A report rekindling talk about a possible merger involving Deutsche Bank helped the euro zone stock benchmark to rise by 1.8 per cent, its biggest one-day gain since April.

The index is down 11.5 per cent year-to-date, having touched its lowest level in two years earlier this month, dragged lower by signs that global economic growth is slowing and worries over political stability in Europe.

Mr Trump said late on Tuesday that trade talks with China were progressing with discussions underway by telephone and more meetings likely among officials of both countries. Benefiting from the optimism over trade were sectors such as materials, autos and tech, which all rose more than 2 per cent.

Market voices on:

"Hopes of a resolution to the US-China trade dispute appear brighter," Vincent-Frederic Mivelaz, a market analyst at Swissquote Bank in Geneva, said.

Elsewhere, Britain's top FTSE 100 share index rose 1.1 per cent on bets that Prime Minister Theresa May would survive a leadership challenge.

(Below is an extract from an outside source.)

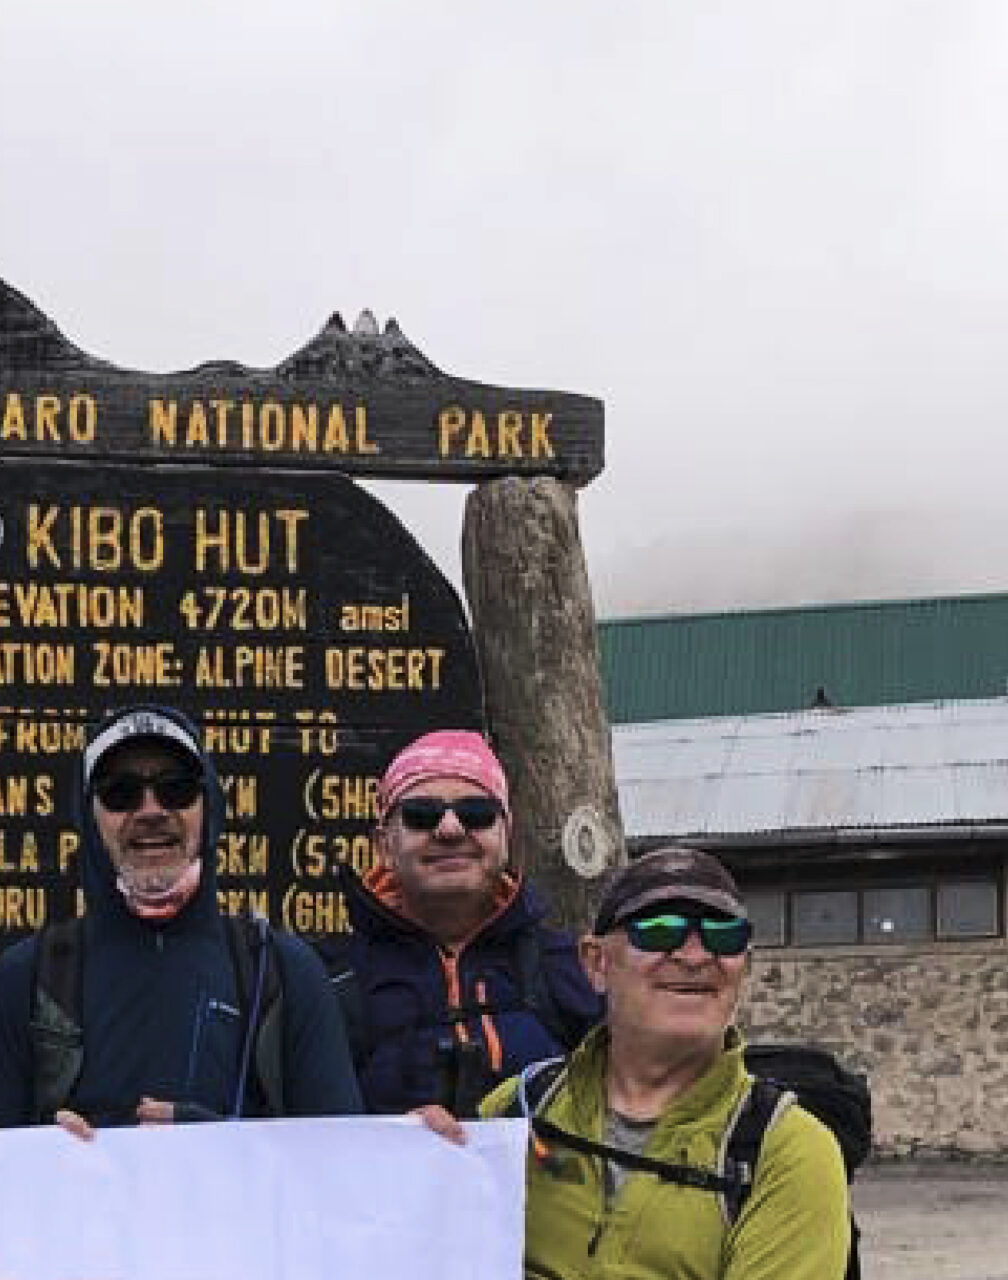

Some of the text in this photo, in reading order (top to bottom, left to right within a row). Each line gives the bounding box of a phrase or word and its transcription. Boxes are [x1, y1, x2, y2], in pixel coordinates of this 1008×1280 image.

"Even though there's tremendous uncertainty... we don't expect anyone will want to take responsibility for a hard Brexit and we think the worst-case scenario can be avoided," said Giuseppe Sersale, fund manager at Anthilia Capital.

Euro zone banks gained 2.9 per cent with Deutsche Bank rising 5.8 per cent after a Bloomberg report said Germany was holding high-level talks to facilitate a possible merger with Commerzbank.

Commerzbank shares rose 5.6 per cent.

Italian banks added 3 per cent, led by Intesa Sanpaolo, the country's top retail lender, as Prime Minister Giuseppe Conte flew to Brussels for talks on the draft budget.

Cabinet undersecretary Giancarlo Giorgetti said Italy hoped it could reach a deal by agreeing to a deficit of between 2.0-2.2 per cent of gross domestic product from 2.4 per cent.

"The possibility that there could be an agreement on the 2 per cent is bringing relief to Italian markets, both bonds and bank stocks which are trading at very depressed levels," said Roberto Lottici, fund manager at Banca Ifigest.

Banks in the euro zone found further support after Spanish lender Unicaja and Liberbank confirmed they had held talks about a potential deal, driving shares 15.9 and 13.9 per cent respectively.

Elsewhere, Pernod Ricard rose 5.9 per cent to a fresh record high after news that activist investor Elliott Management had built up a stake in the family-backed French drinks company in a bid to boost profit margins and improve returns for investors.

"There is potential for Pernod Ricard to be more efficient. However current management have been squeezing the cost base for several years and in our view need no encouragement to continue," Bernstein analyst Trevor Stirling said.

Among the few losers were shares of Zara owner Inditex, which fell 4.5 per cent after sales and profit growth missed market expectations, while a downbeat broker note sent Pandora 11.5 per cent lower.